▸ **Work to complete**:
Reproduce, with no alteration, the span of lines that begins at the line containing "this 1660×1245 image." and ends at the last line of the records, both ends included, and nothing else.

▸ **Given data**:

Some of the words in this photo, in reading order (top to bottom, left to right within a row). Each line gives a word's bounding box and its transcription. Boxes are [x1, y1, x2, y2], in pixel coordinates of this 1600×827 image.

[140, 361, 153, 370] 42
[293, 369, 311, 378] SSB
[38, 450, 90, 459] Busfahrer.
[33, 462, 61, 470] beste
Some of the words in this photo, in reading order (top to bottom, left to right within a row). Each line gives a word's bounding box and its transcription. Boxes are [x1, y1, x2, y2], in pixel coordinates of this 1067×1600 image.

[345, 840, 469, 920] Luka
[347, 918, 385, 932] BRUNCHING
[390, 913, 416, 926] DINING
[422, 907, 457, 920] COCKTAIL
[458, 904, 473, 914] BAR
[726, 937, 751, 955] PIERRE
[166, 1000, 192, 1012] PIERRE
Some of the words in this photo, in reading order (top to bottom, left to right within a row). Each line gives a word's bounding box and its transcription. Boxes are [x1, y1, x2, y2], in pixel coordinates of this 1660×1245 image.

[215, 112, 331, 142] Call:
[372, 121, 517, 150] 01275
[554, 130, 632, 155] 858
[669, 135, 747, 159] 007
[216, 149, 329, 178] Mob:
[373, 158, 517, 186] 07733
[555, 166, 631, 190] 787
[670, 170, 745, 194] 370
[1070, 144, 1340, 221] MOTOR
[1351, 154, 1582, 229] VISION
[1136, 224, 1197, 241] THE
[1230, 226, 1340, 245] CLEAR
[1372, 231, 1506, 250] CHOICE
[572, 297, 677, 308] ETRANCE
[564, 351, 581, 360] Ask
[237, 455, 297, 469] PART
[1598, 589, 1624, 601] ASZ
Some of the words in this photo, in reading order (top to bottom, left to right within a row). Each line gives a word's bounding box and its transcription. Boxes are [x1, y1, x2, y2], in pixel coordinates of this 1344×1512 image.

▸ **Written answer**:
Some of the words in this photo, in reading order (top to bottom, left to right within a row). Each line gives a word's bounding box and its transcription. Boxes are [x1, y1, x2, y2], in pixel coordinates of this 1660×1245 image.

[215, 112, 331, 142] Call:
[372, 121, 517, 150] 01275
[554, 130, 632, 155] 858
[669, 135, 747, 159] 007
[216, 149, 329, 178] Mob:
[373, 158, 517, 186] 07733
[555, 166, 631, 190] 787
[670, 170, 745, 194] 370
[1070, 144, 1340, 221] MOTOR
[1351, 154, 1582, 229] VISION
[1136, 224, 1197, 241] THE
[1230, 226, 1340, 245] CLEAR
[1372, 231, 1506, 250] CHOICE
[572, 297, 677, 308] ETRANCE
[564, 351, 581, 360] Ask
[237, 455, 297, 469] PART
[1598, 589, 1624, 601] ASZ
Some of the words in this photo, in reading order (top to bottom, left to right within a row). Each line gives a word's bounding box and its transcription. Boxes are [x1, y1, x2, y2], in pixel coordinates of this 1344×1512 image.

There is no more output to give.